What is Frequency Penalty?

Frequency Penalty is between -2.0 and 2.0 and it impacts how the model penalizes new tokens based on their existing frequency in the text.

Positive values will decrease the likelihood of the model repeating the same line verbatim by penalizing new tokens that have already been used frequently.

The presence penalty is a one-time, additive contribution that applies to all tokens that have been sampled at least once, while the frequency penalty is a contribution that is proportional to how often a specific token has already been sampled.

For the purpose of slightly reducing repetitive samples, reasonable values for the penalty coefficients are typically around 0.1 to 1.

If the goal is to significantly suppress repetition, the coefficients can be increased up to 2, but this may negatively impact the quality of the samples.

Alternatively, using negative values can increase the likelihood of repetition.

Adjusting the Frequency Penalty

When our plugin is installed for the first time, it comes with 0.01 as the default Frequency Penalty value.

However you can change it from the Frequency Penalty field in the AI Engine tab.

Here are the steps:

  • First, navigate to the plugin menu on your WordPress dashboard.
  • Click on the Settings page and look for the AI Engine tab.
  • Enter a new value in the Frequency Penalty field.
  • Click on the Save button to save your changes.

Frequency Penalty's Impact on Generated Text Diversity

The frequency penalty parameter is a control for the "diversity" of the generated text produced by GPT.

It allows to adjust the trade-off between the likelihood of the generated text and its novelty.

GPT, like any other language model, uses probability distribution to predict the next word given a prompt or seed text.

The frequency penalty parameter modifies this distribution to make less likely words that the model has seen more frequently during its training, in this way it encourages the model to generate novel or less common words.

Frequency penalty works as a scaling factor for the log probabilities of the model's predictions.

The scaling factor is calculated as: (1 - frequency_penalty) * log_probability, where frequency penalty is a value between 0 and 1 and log probability is the natural logarithm of the probability of the word.

  • When frequency penalty is set to 0, the model's behavior is the same as usual, the scaling factor is 0 and the model's predictions are not affected.
  • When frequency penalty is set to 1, the scaling factor is 1 and the model will not generate any word that was seen during training, resulting in entirely novel or random text.

Values between 0 and 1 encourage the model to generate a balance of familiar and novel words.

In general, the default value for frequency penalty is 0 and it's used when you want to generate text that is similar to the text the model was trained on.

On the other hand, if you want the model to generate text that is more diverse and less repetitive, you might want to use a higher frequency penalty, this will encourage the model to generate less common words and will make it less likely to generate common phrases.

In summary, frequency penalty parameter is a control for the trade-off between the likelihood of the generated text and its novelty.

This parameter modifies the probability distribution of the model to make less likely the words that the model has seen more frequently during its training.

It allows to encourage the model to generate more diverse and less repetitive text.

Differences Between Frequency and Presence Penalty

The main difference between the two parameters is the way they modify the probability distribution of the model's predictions.

Frequency penalty parameter modifies the probability distribution to make less likely words that the model has seen more frequently during its training.
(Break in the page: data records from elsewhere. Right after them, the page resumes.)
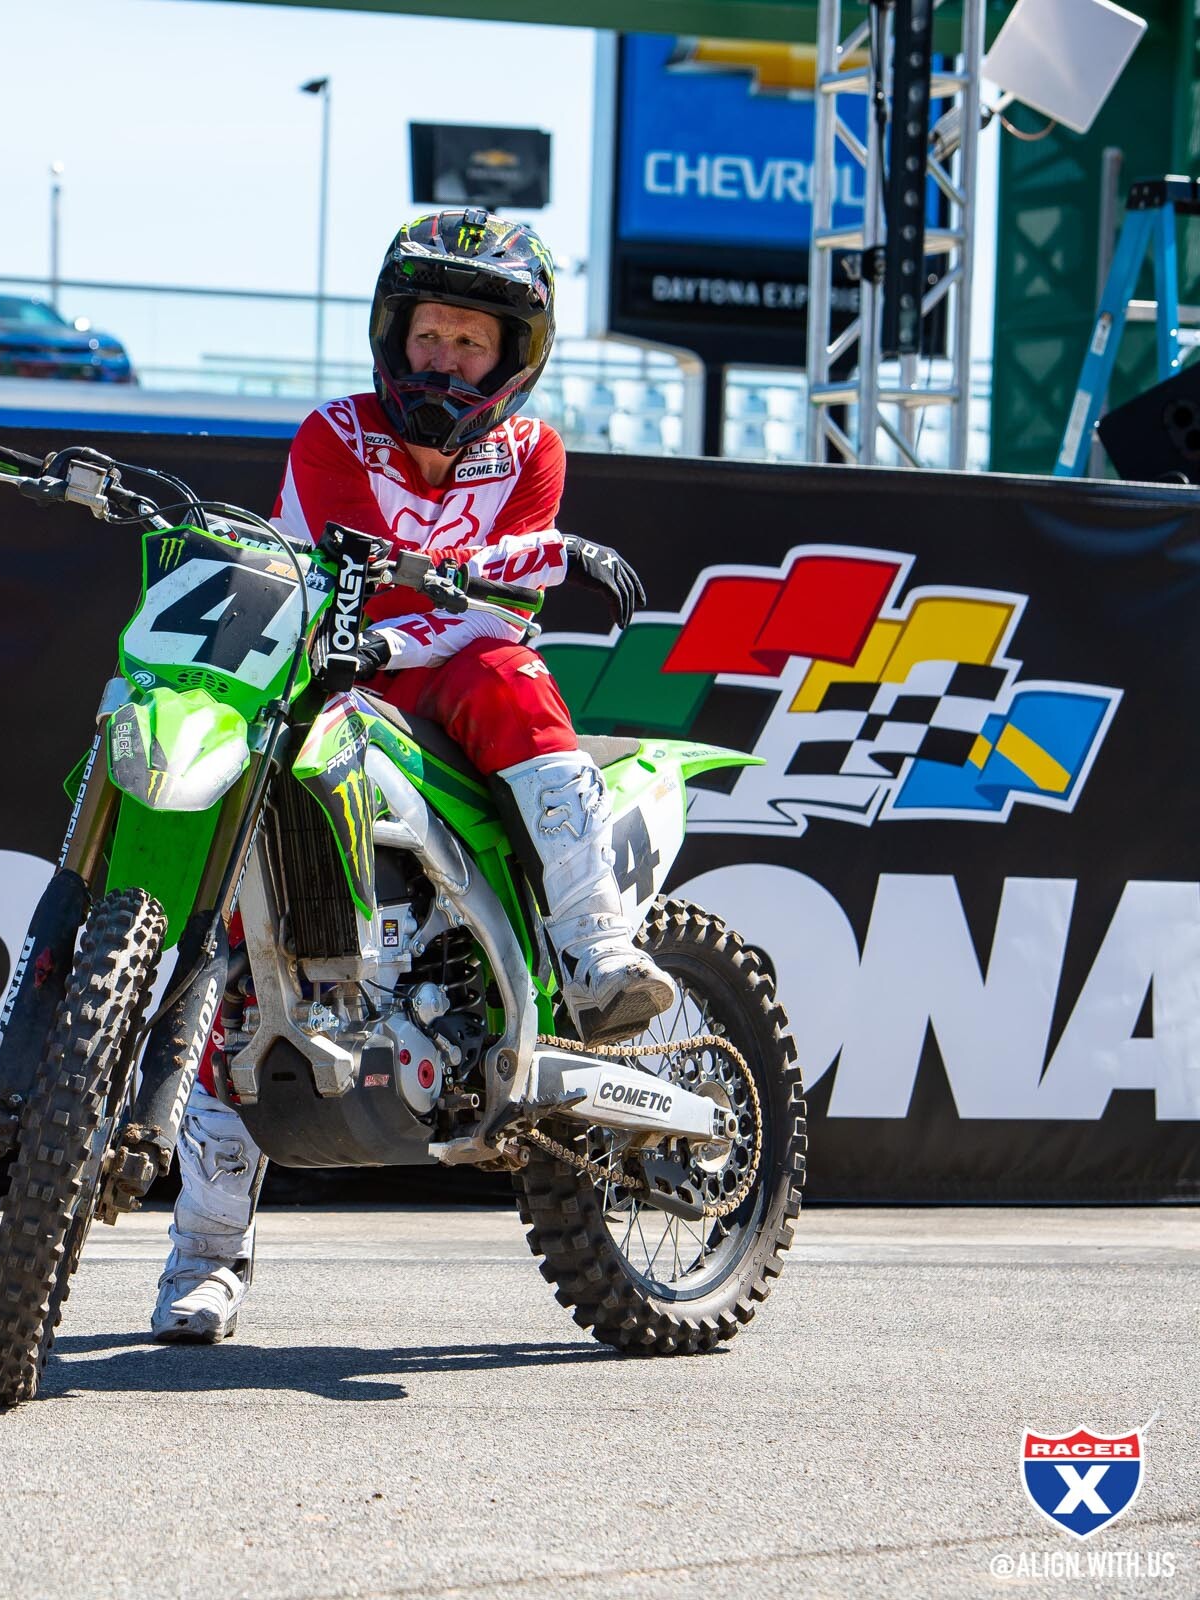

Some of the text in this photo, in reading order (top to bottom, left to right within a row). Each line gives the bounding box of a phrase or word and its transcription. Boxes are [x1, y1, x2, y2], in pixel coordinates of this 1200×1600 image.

[644, 152, 866, 206] CHEVROL
[652, 275, 761, 306] DAYTONA
[465, 442, 506, 456] LICK
[457, 462, 511, 479] COMETIC
[480, 542, 565, 583] FOX
[563, 536, 618, 569] FOX
[332, 553, 364, 652] OAKLEY
[149, 565, 280, 674] 4
[516, 659, 550, 679] FO
[327, 747, 353, 775] PRO
[611, 805, 661, 906] 4
[169, 977, 218, 1136] DUNLOP
[599, 1082, 673, 1113] COMETIC
This encourages the model to generate novel or less common words. It works by scaling down the log probabilities of words that the model has seen frequently during training, making it less likely for the model to generate these common words.
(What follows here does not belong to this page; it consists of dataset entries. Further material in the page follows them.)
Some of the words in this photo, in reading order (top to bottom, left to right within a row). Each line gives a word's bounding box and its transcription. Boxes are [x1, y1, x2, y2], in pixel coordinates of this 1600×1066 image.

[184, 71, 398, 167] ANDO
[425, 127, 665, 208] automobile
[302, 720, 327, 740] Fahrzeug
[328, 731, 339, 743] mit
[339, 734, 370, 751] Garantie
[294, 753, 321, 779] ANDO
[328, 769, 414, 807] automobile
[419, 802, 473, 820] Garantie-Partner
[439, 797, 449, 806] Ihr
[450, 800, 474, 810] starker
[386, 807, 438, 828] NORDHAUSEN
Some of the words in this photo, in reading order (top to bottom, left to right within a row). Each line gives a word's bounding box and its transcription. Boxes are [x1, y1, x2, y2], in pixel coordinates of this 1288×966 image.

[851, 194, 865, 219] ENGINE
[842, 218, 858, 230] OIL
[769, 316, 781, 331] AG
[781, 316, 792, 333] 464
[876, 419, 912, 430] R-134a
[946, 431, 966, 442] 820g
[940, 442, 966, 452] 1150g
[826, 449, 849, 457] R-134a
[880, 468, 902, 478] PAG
On the other hand, the presence penalty parameter modifies the probability distribution to make less likely words that were present in the input prompt or seed text. This encourages the model to generate words that were not in the input. It works by scaling down the log probabilities of words that were present in the input, making it less likely for the model to generate these words that are already in the input.
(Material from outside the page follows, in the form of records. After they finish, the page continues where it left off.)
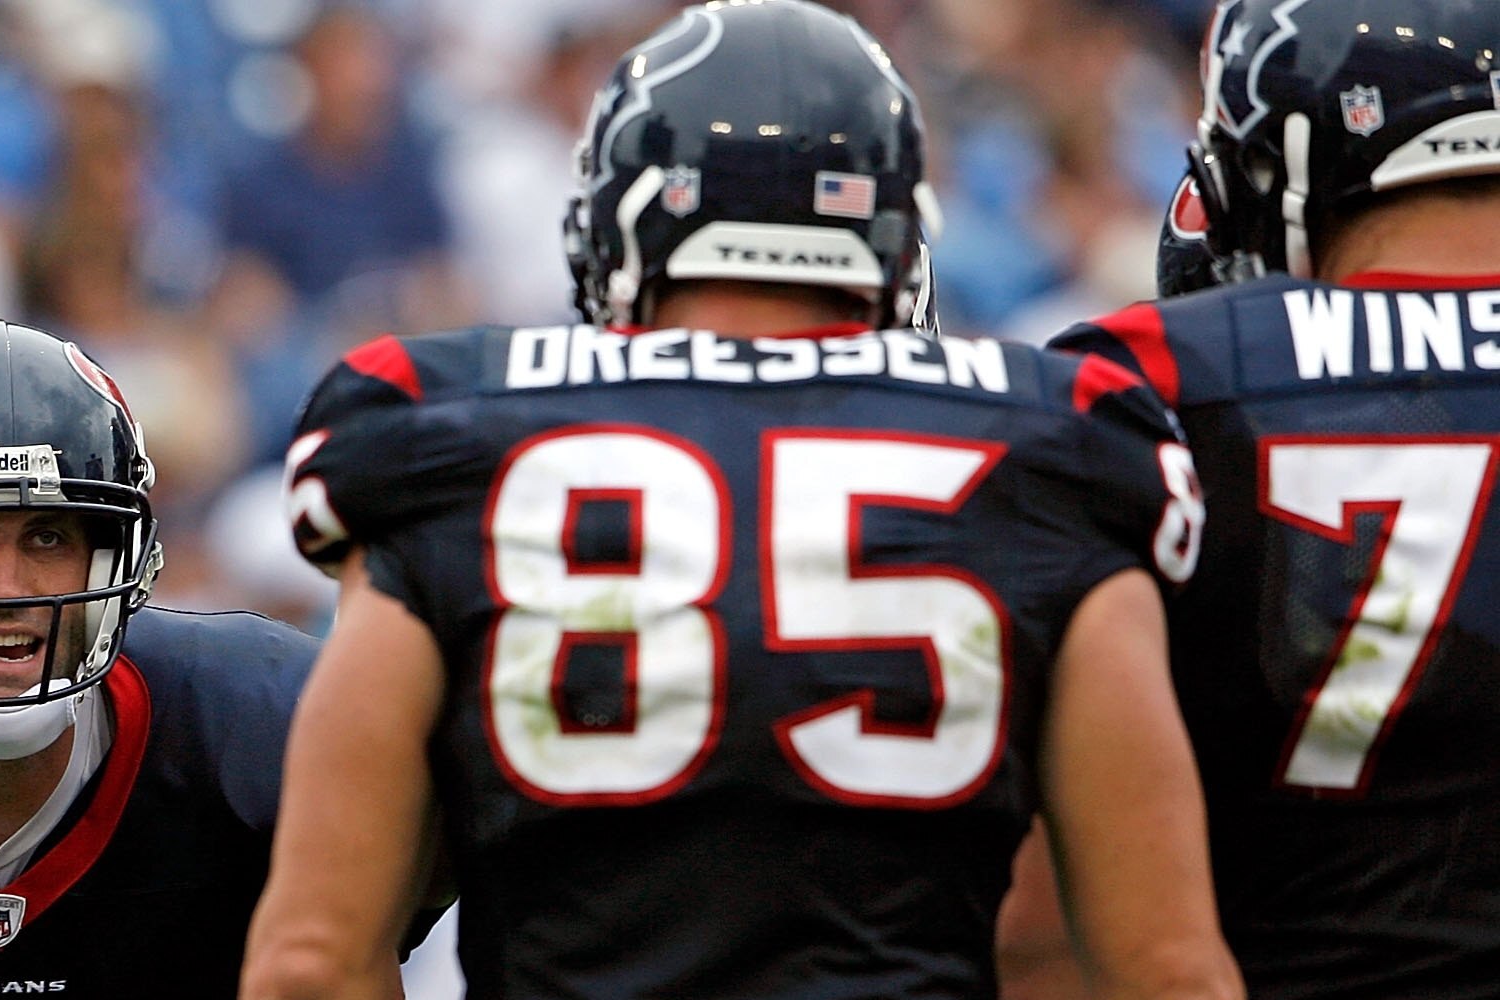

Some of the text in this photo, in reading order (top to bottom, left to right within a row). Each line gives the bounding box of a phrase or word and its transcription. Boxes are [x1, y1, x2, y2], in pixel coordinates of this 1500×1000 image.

[712, 246, 854, 268] TEXANS
[483, 423, 1013, 808] 85
[1256, 434, 1500, 797] 7
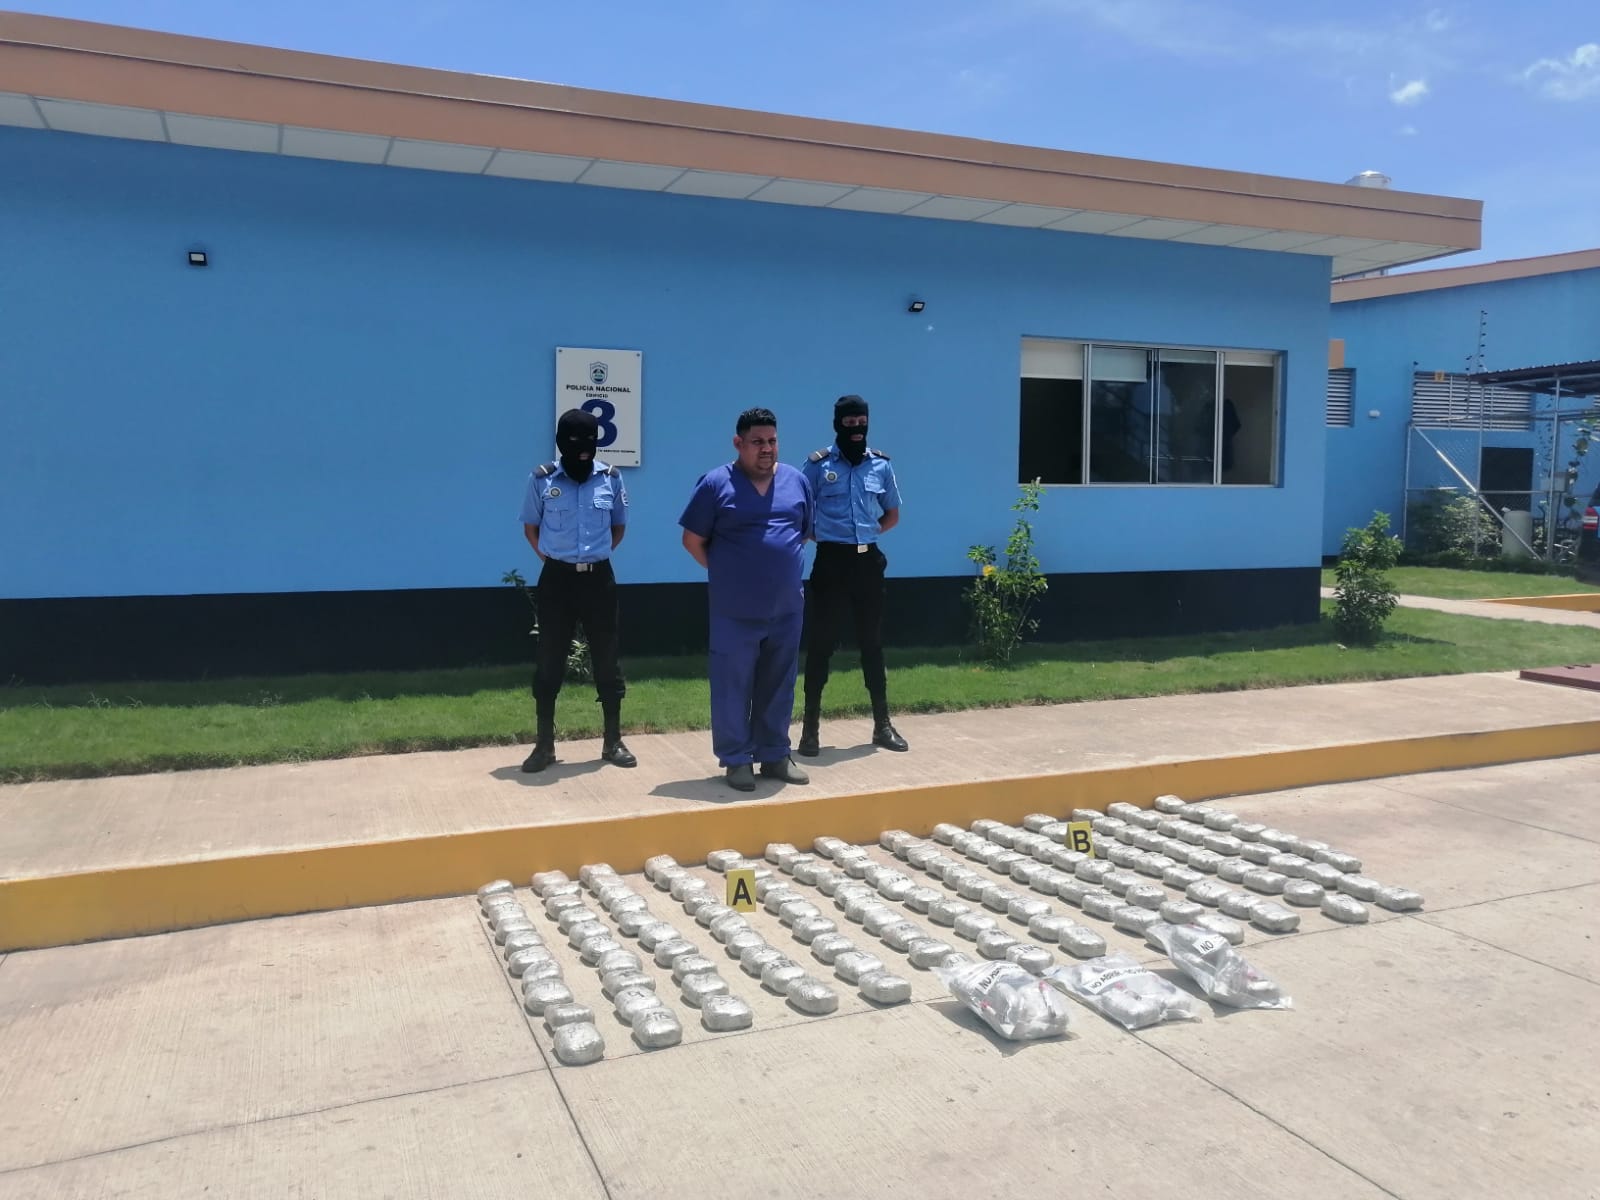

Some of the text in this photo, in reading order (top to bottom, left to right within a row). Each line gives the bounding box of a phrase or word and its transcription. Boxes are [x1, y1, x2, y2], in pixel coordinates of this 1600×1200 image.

[580, 399, 618, 447] 8
[1073, 830, 1091, 853] B
[732, 878, 753, 906] A
[1200, 940, 1214, 952] NO
To put it simply, frequency penalty penalizes the model for generating the common words that the model has seen a lot during training whereas presence penalty penalizes the model for generating the words that are present in the input text.

Both parameters can be used to increase the diversity of the generated text and to encourage the model to generate more novel or unexpected words, but they do so in different ways and depending on the use case and specific requirements, one may be more beneficial than the other, or they can be used together to control the diversity of the generated text.